There is an interesting, albeit unpersuasive opinion piece by Daniel Hare at businessofcollegesports.com arguing that college athletics spending is out of control and that some form of regulation needs to be imposed to stop the arms race between major college programs.
Nearly a year ago, this article asked, how much is too much when it comes to spending on college football? Assuming the answer is whatever they’re spending now, the next question is how to reform it. I have a thought. What if there was a cap on the amount of money universities could spend on college athletics? Think about it. University presidents and other observers are constantly decrying the “arms race” that exists today, yet nothing is done. The reason: presidents know (or suspect) their counterparts are going to keep on spending and gaining a competitive advantage, and no president is going to risk crippling their athletic programs and alienating the alumni base.
But what if there was an NCAA rule which capped the amount of money you could spend each year? Or perhaps a luxury tax imposed on those who spend over the cap?
A policy like this would allow presidents to put athletics spending on a more sustainable path, without the risk that competitors are going to exploit it and surge past their teams on the field. It would help address the concerns faculty and other constituents have about spending at the expense of academics, including the public relations problem of increased athletic spending at a time of shrinking state appropriations and rising tuition for students. Capping spending also means more schools would have the opportunity to compete for championships. This is a big one. Our country’s most popular sport by far, the NFL, has a hard salary cap to help provide all its teams with a realistic shot at taking home the trophy. Even Major League Baseball, which doesn’t have a salary cap, has a luxury tax that teams must pay if they go over the spending threshold.
This is a step on a slippery slope, and it only leads to a mucky, stinky mess on the bottom. Any time someone says they have a plan to make something “sustainable,” it should set off alarms in your head.
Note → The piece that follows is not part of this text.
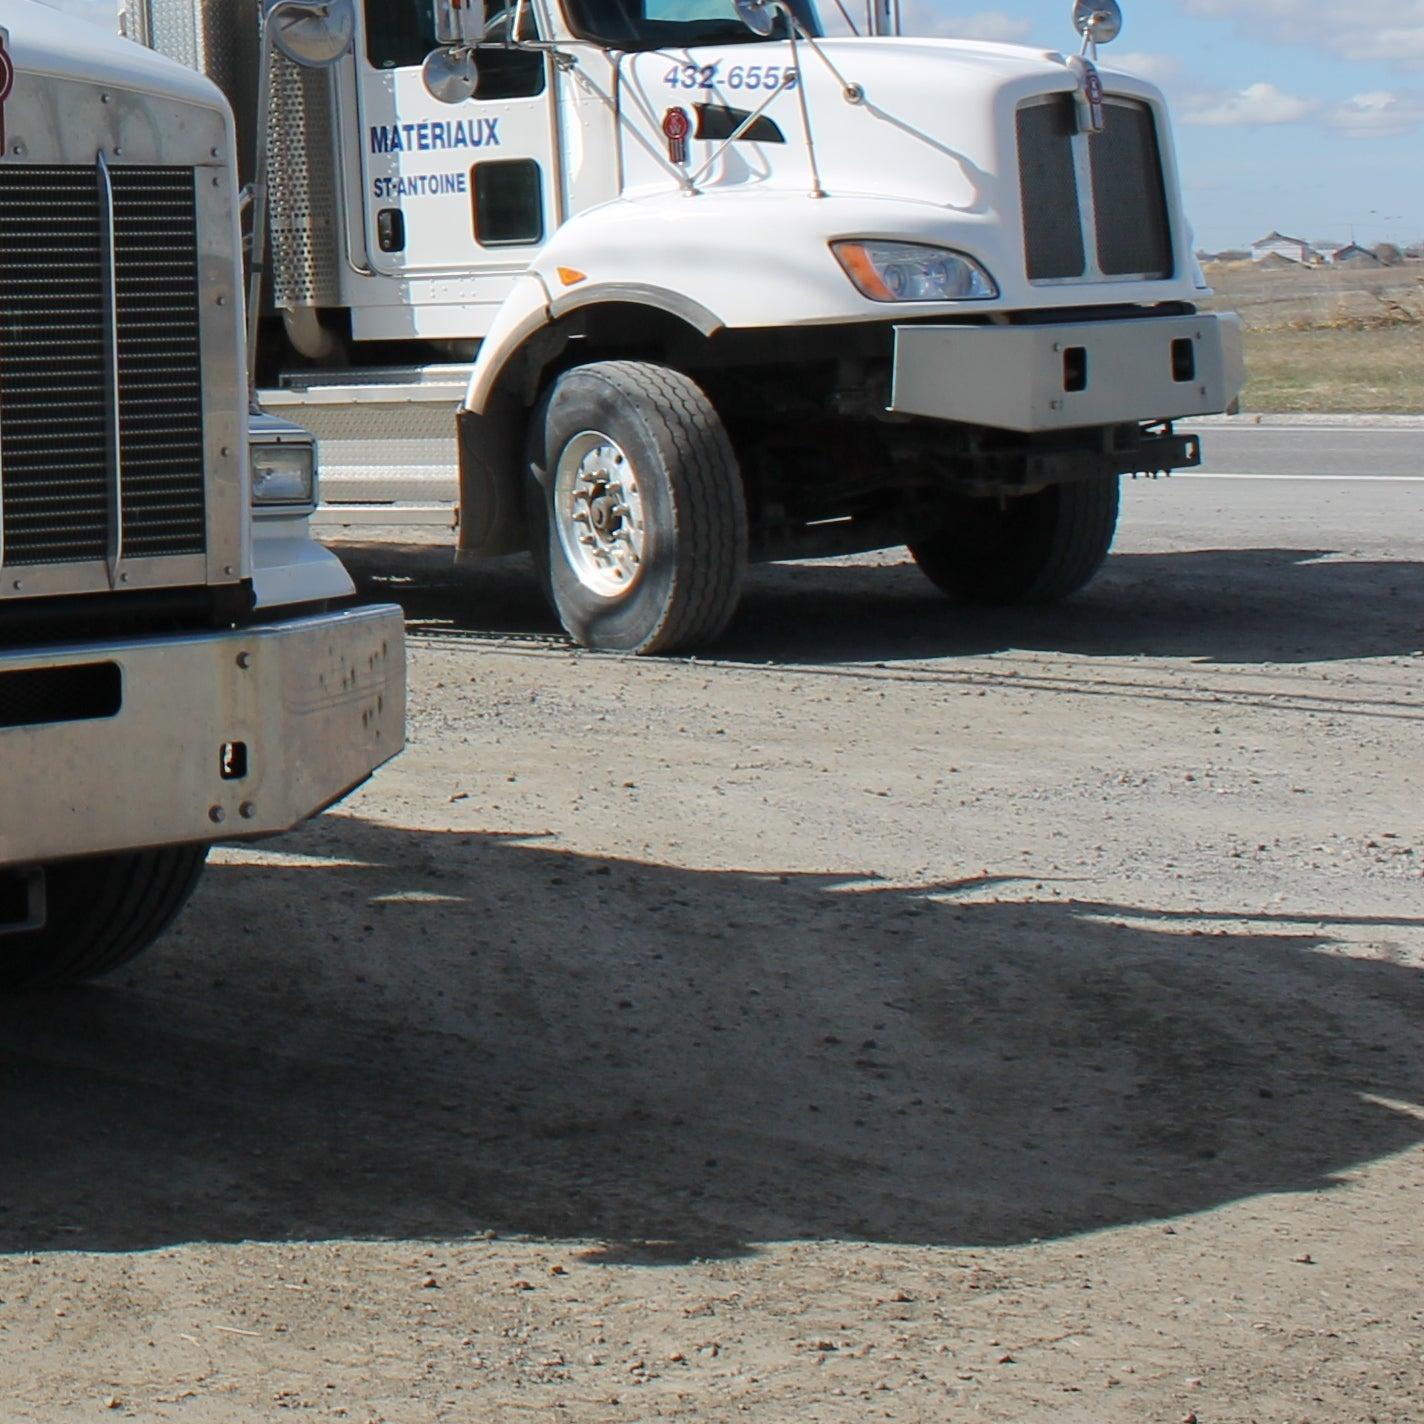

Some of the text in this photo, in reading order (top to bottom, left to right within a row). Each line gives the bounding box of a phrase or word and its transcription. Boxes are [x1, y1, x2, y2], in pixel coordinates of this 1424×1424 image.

[663, 64, 799, 90] 432-6555
[370, 117, 501, 153] MATÉRIAUX
[374, 172, 466, 198] ST-ANTOINE
Free markets are never “unsustainable,” and anyone who tells you differently doesn’t understand even the most basic principles of capitalist economics.
The last thing in the world college athletics needs now is a new regulatory regime. The US is in an economic quagmire with an anemic economy, persistent high unemployment and an overall lack of growth. The only really strong “growth industry” is college athletics, which has resulted in a long term construction and hiring boom on every major college campus in the country. Why would anyone want to choke that off by arbitrarily imposing a limit on how much money can be freely given and spent to build top-notch facilities, hire the best coaches, assistants and administrators and fuel the local economies?
To make things more fair?
The author compares the budgets of the University of Texas and Lousiana-Monroe, and suggests that somehow, it’s unfair for ULM to have to compete with Texas for the same trophies.
No one expects mid-majors and directional schools to field programs that consistently play for national championships in revenue sports like football and basketball.
In the 2010-2011 academic year, the University of Alabama spent about $31.6 million on athletics. That included spending for facilities, salaries, travel expenses, security, equipment and other line items. Almost all of that went right back into local, state and regional economies, which generated income for thousands of people in Alabama. It helped to strengthen local tax revenues and helped the state keep from slashing appropriations for higher education even deeper than they’ve had to, and probably helped keep student tuition from climbing even faster than it has.
Back on the slippery slope metaphor—what exactly do you limit in spending? Is it salaries for coaches and administrators? Is it a cap on recruiting budgets? What about how much you can spend on state-of-the art training facilities, dining halls and academic centers?
As soon as you come up with a laundry list of things you want to cap, some enterprising athletic department will find another way to gain an advantage. That of course leads to even more regulations, more loopholes to exploit and more enterprising ways of getting the edge on the competition. This won’t end well.
In the 1970’s, our enlightened federal government decided to fight inflation by instituting a regime of price and wage controls in a noble, yet fruitless effort to combat persistent inflation. That led to employers offering candidates a suite of fringe benefits, including health insurance. That led to removing the consumer’s budget constraints from pricing in the healthcare market, and now we have the most expensive healthcare market in the history of expensive healthcare markets.
In the 1970’s, 1980’s and 1990’s, that same enlightened government decided to force banks and S&L’s to lend money to homeowners with poor credit histories and demographics known by lenders to be high risk and then guaranteeing payment of principle and interest to investors. That of course led to the 2007-2008 financial meltdown that wrecked the economy and directly led to the economic malaise that we’re in now.
History shows that the more you try to regulate, the more damage you end up doing through the Law of Unintended Consequences. Don’t believe me? Well, have you seen the NCAA manual? Have you ever seen the Code of Federal Regulations? There ain’t a whole bunch of difference between the two, and both take a bunch of pointy headed bureaucrats to decipher and interpret them.
The best solution is to do nothing at all. Let the bigger institutions raise and spend what they want. Let the smaller institutions do what they can to keep up. Eventually, the most enterprising and richest schools will break off from the current NCAA membership and form their own system. History also shows that in free market systems, those who invest and take risk are rewarded. College sports is a business, and the best solution to a business problem is always a free market.